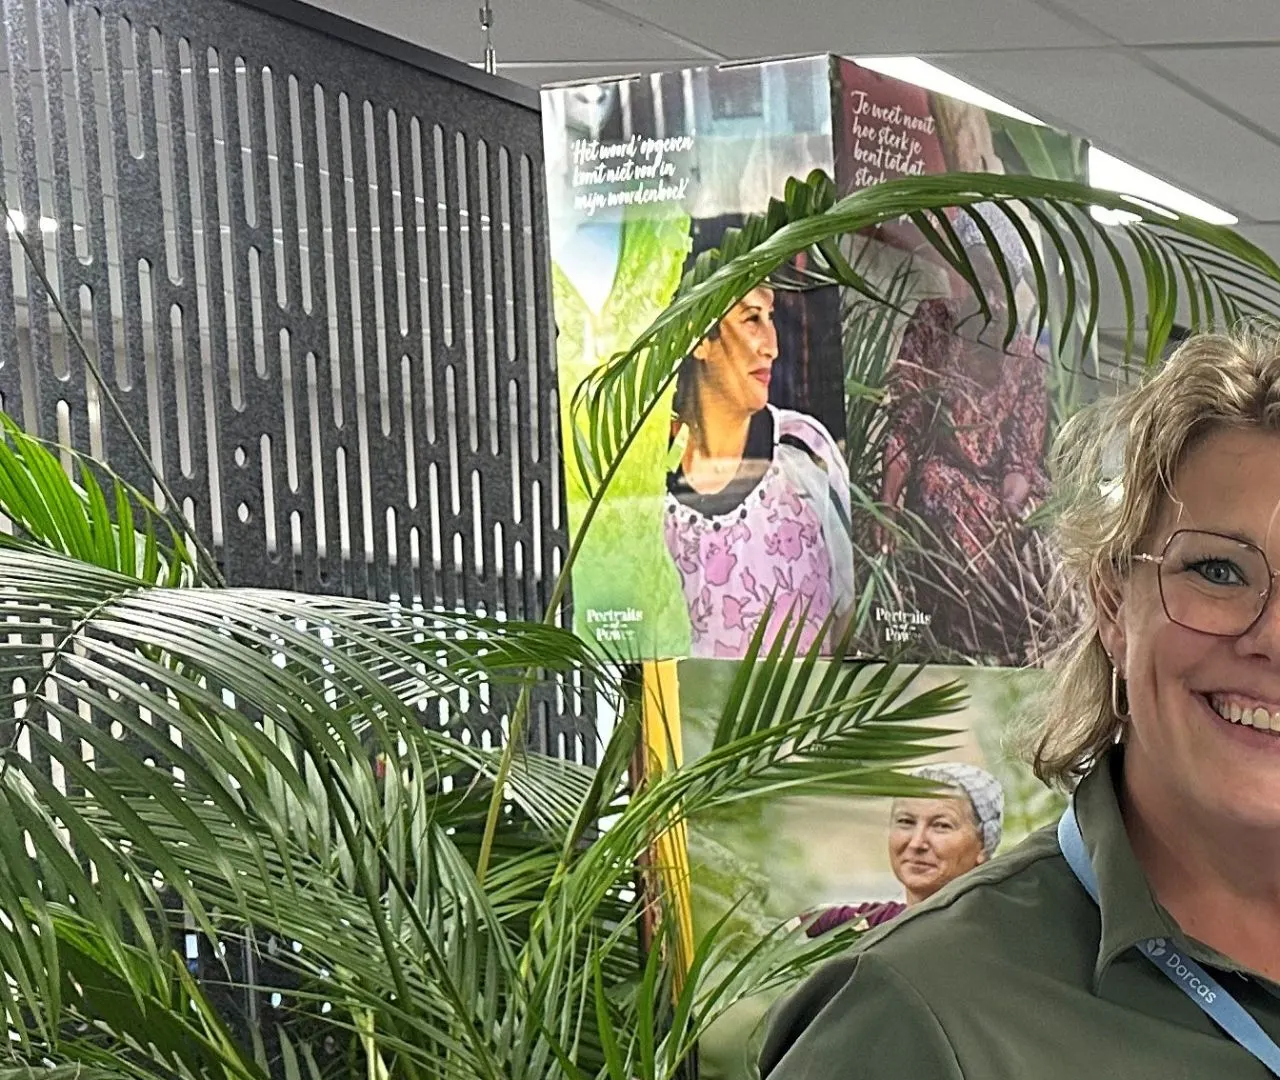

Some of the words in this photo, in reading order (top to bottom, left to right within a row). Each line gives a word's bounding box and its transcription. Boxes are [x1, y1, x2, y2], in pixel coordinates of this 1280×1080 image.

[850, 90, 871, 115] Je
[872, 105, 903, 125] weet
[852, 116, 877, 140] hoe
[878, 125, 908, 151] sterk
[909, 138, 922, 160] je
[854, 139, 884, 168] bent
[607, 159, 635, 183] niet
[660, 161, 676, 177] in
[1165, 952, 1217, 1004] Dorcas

════

PROBLEM TO SOLVE: Since the pictures are not wanted, transcribe only the rest of the material above, exactly as it stands.

ANSWER BOX:
Some of the words in this photo, in reading order (top to bottom, left to right within a row). Each line gives a word's bounding box and its transcription. Boxes are [x1, y1, x2, y2], in pixel coordinates of this 1280×1080 image.

[850, 90, 871, 115] Je
[872, 105, 903, 125] weet
[852, 116, 877, 140] hoe
[878, 125, 908, 151] sterk
[909, 138, 922, 160] je
[854, 139, 884, 168] bent
[607, 159, 635, 183] niet
[660, 161, 676, 177] in
[1165, 952, 1217, 1004] Dorcas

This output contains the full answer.